C'est, en quelque sorte, le principe du « winner takes all» appliqué à un modèle de rémunération. De fait, le progrès technologique, ainsi que l'essor des échanges commerciaux, facilitent l'accès des « superstars» à des marchés plus étendus, élargissant la rente qu'ils sont susceptibles d'extraire. Par ailleurs, le nombre de domaines où le mécanisme de « superstar » peut jouer est beaucoup plus vaste que les seuls champs du sport ou du spectacle: les professions indépendantes (avocats, banquiers d'affaires, etc.) sont tout à fait susceptibles de voir leur rémunération se fonder sur un tel modèle.

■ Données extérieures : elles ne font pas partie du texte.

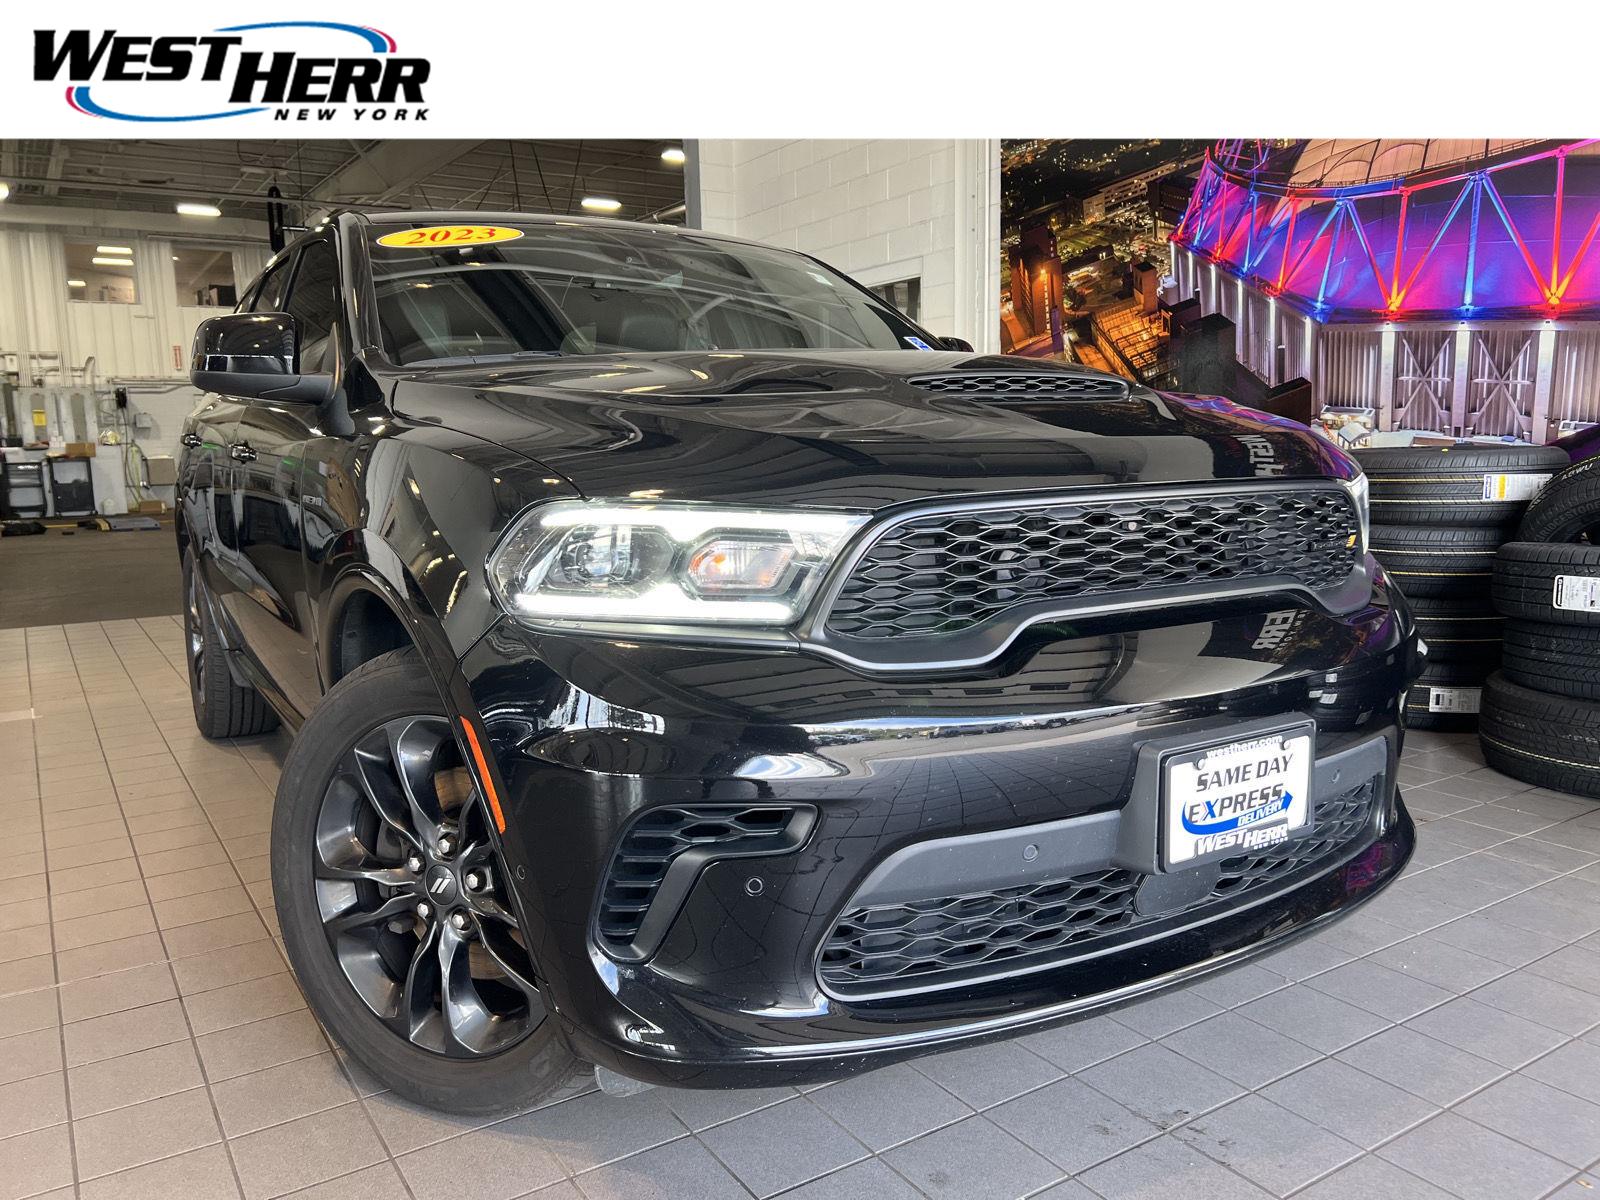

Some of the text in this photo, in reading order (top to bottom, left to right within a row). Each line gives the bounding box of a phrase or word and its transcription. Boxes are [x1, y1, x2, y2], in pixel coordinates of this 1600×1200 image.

La théorie des superstars présente donc une grande simplicité et un attrait évident.

Toutefois, elle n'est pas encore entièrement convaincante sur un certain nombre de points.

Premièrement : pourquoi le mécanisme de superstars jouerait-il si fortement aux États-Unis et pas ailleurs ?

Second point: les professions à « superstars» ne représentent qu'une partie des revenus en haut de la distribution; qu'en est-il pour les autres, et en particulier pour les « top-managers », qui comptent pour une large fraction des hauts revenus ? Le mode de rémunération des grands patrons est en effet fixé par des règles assez largement différentes de celles des superstars.

 

  • Les nouveaux modes de formation des rémunérations

C'est du côté des nouveaux modes de rémunération que doit se porter l'attention pour comprendre l'explosion récente des salaires des « top-managers». En effet, le désir d'encadrer et de stimuler les performances des salariés s'est traduit par le développement d'instruments de rémunération incitatifs, et en particulier par la multiplication des éléments patrimoniaux (stocks-options, actions gratuites, etc.) dans la rémunération des managers.

 

Du capitalisme managérial à un capitalisme actonnarial  :panorama historique

 

Au Japon, la distribution de stocks-options était ainsi interdite jusqu'en 1997, sauf dans les petites start-up. En Allemagne, et aux Pays-Bas, les traditions de cogestion ont longtemps fortement encadré la détermination des rémunérations patronales.

Les institutions ont donc vraisemblablement leur rôle à jouer dans l'explication de l'évolution des inégalités en haut de la distribution: elles ont facilité l'émergence de nouveaux modes de rémunération ou au contraire exercé des contraintes empêchant les entreprises européennes ou japonaises d'offrir à leurs cadres dirigeants le paquet salarial à l'anglo-saxonne.